# Task objective
From the line containing "this 1600×900 image." to the line containing "this 1920×1280 image." in the records below, set down every line exactly as it stands, both ends included, and skip the pictures.

# Entries supplied
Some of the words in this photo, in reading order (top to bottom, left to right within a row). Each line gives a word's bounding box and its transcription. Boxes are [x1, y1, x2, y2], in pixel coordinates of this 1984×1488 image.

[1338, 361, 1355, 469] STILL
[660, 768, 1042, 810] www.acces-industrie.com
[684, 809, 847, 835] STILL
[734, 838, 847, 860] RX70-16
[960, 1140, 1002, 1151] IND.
...
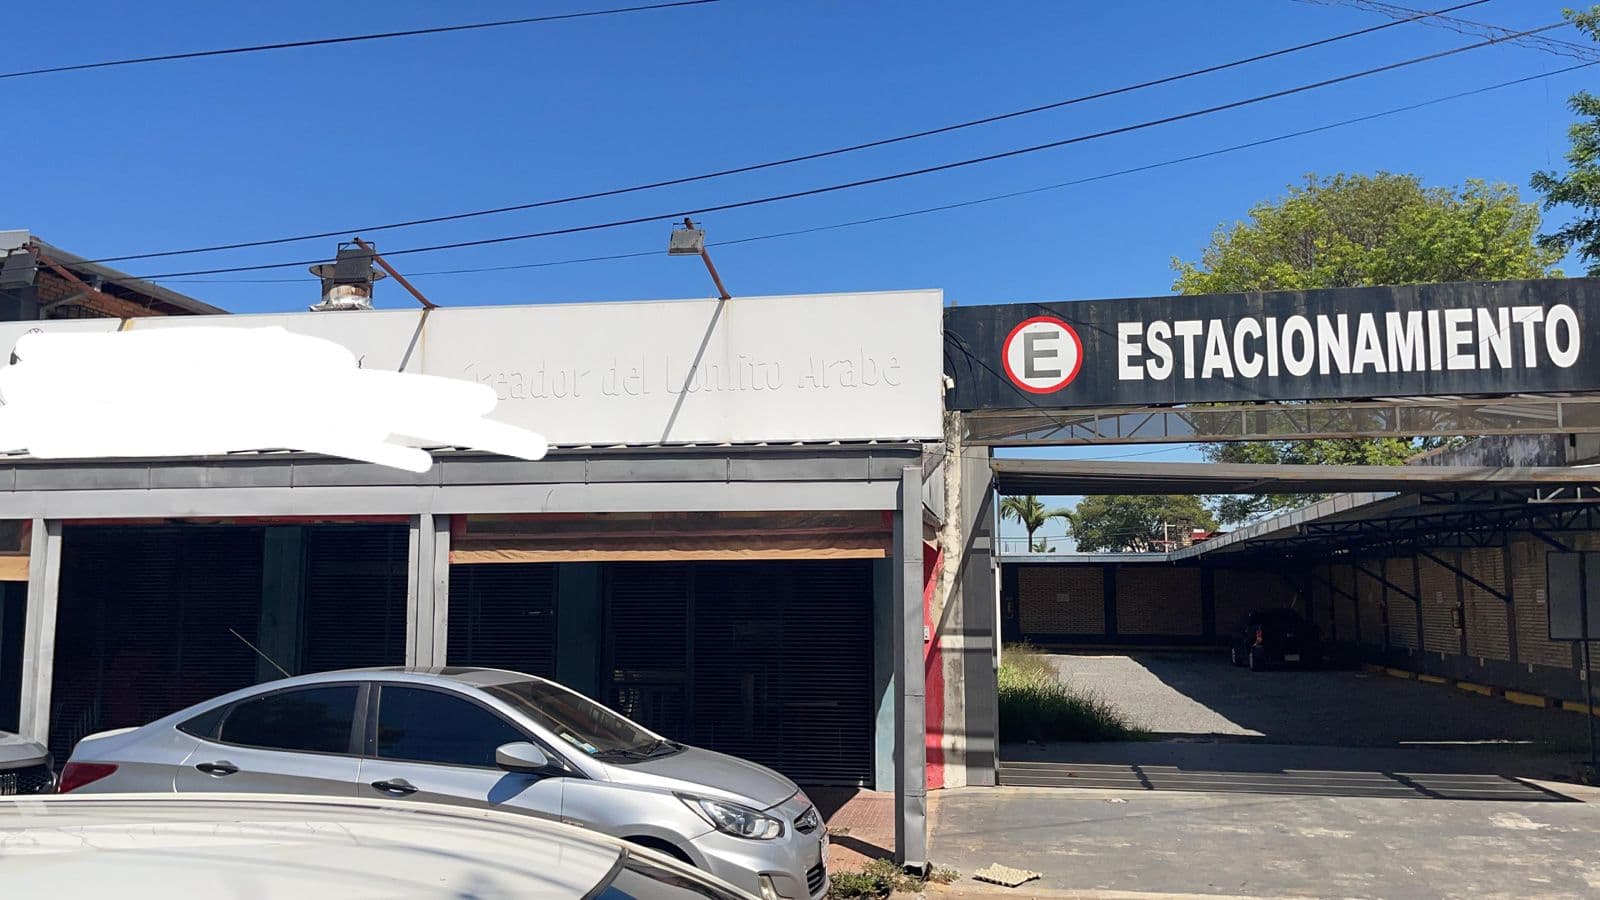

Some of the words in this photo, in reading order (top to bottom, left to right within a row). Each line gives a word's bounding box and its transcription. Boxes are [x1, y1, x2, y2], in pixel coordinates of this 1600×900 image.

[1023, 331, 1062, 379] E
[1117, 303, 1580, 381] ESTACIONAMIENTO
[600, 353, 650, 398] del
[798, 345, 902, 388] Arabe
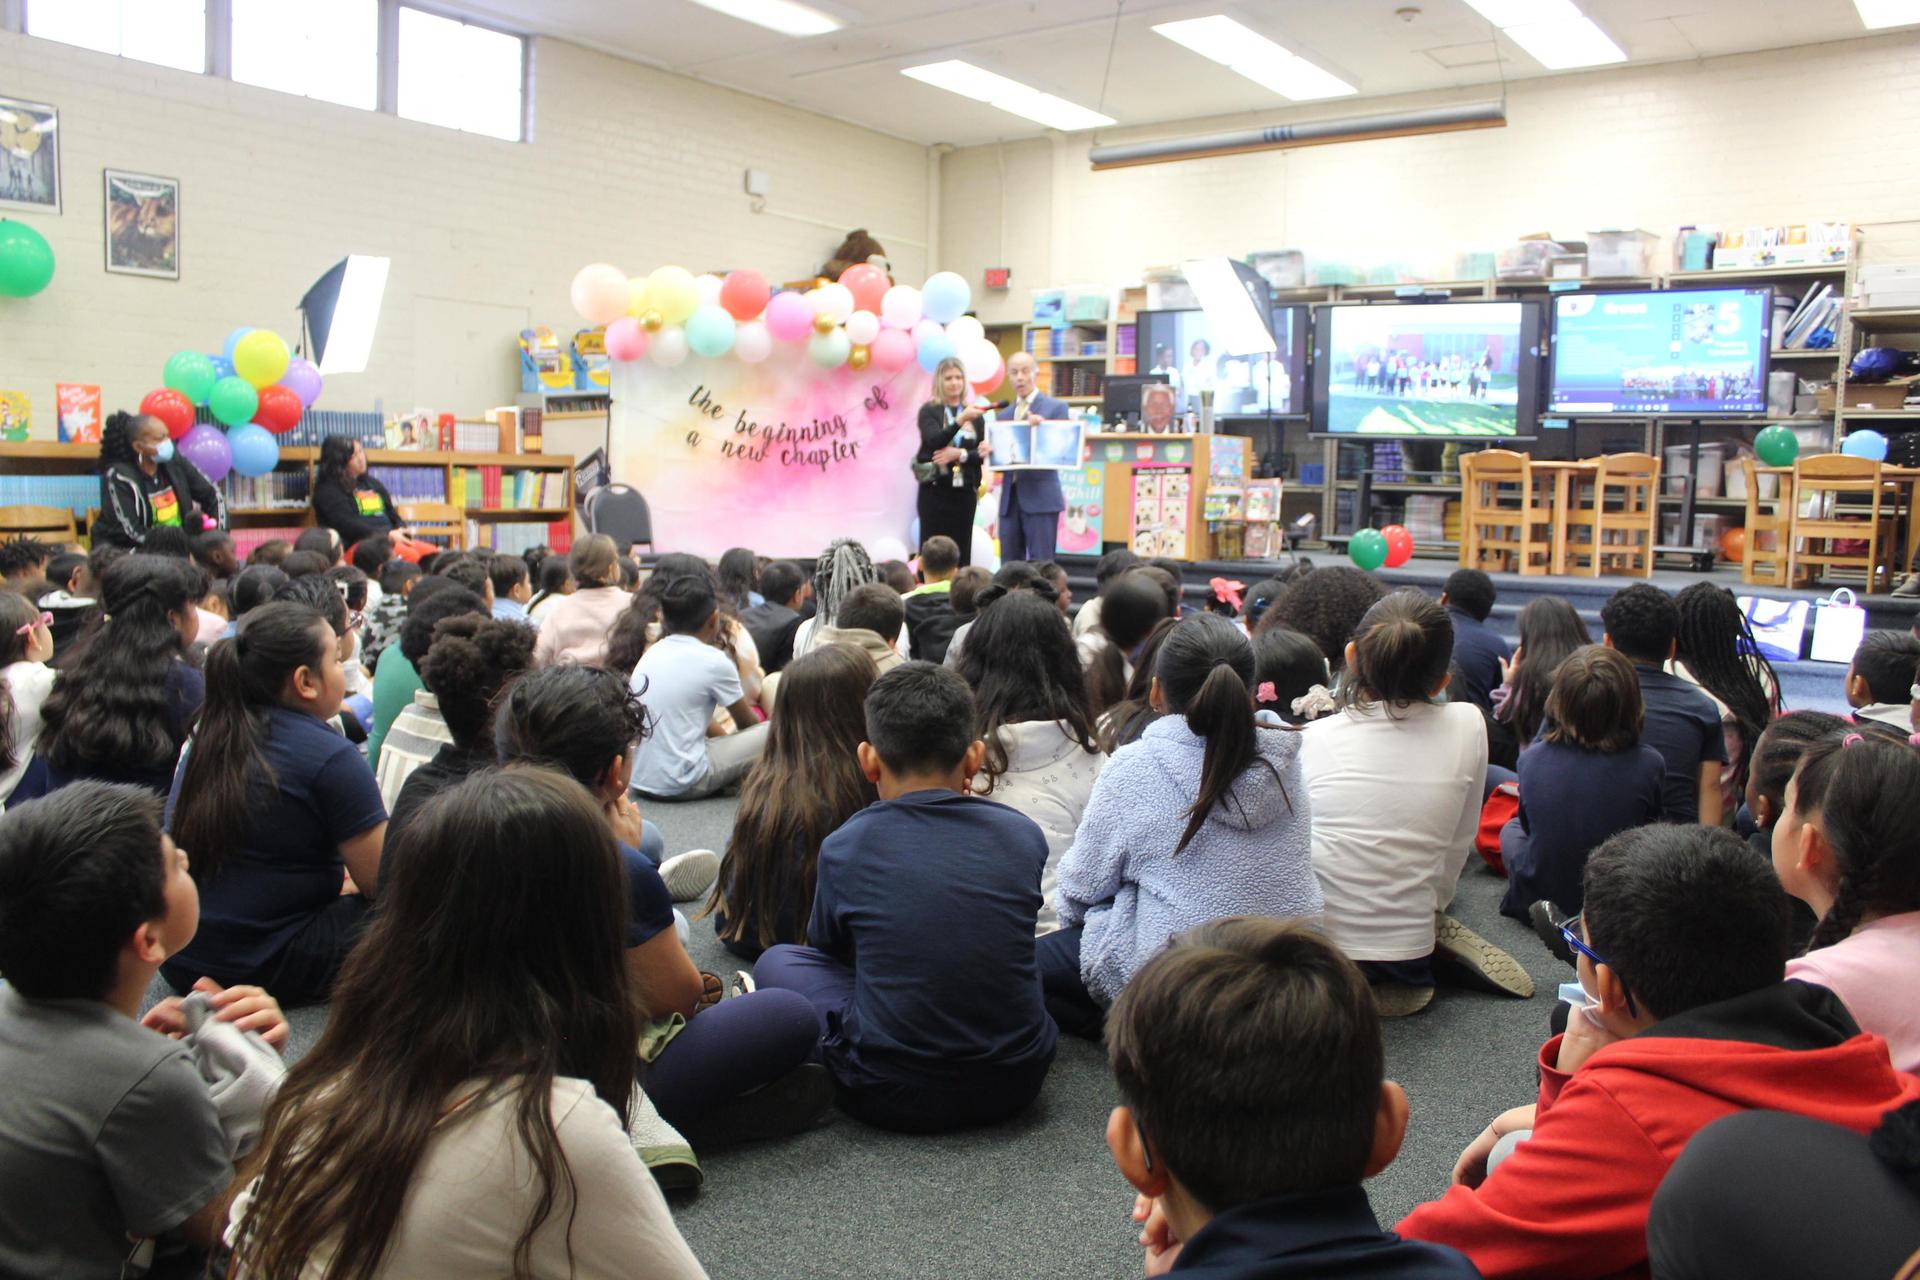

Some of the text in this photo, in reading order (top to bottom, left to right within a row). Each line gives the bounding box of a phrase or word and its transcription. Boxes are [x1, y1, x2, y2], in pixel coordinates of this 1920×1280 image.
---
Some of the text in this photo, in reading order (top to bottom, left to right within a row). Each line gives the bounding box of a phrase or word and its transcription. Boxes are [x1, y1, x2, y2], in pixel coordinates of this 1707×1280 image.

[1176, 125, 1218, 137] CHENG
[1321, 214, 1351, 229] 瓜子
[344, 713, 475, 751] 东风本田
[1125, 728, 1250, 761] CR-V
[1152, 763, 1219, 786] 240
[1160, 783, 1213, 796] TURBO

# Reply
Some of the words in this photo, in reading order (top to bottom, left to right within a row). Each line gives a word's bounding box and its transcription. Boxes are [x1, y1, x2, y2], in pixel coordinates of this 1600×900 image.

[1023, 331, 1062, 379] E
[1117, 303, 1580, 381] ESTACIONAMIENTO
[600, 353, 650, 398] del
[798, 345, 902, 388] Arabe

Some of the text in this photo, in reading order (top to bottom, left to right within a row). Each line gives the bounding box of a phrase or word and its transcription. Boxes are [x1, y1, x2, y2], in pixel coordinates of this 1920×1280 image.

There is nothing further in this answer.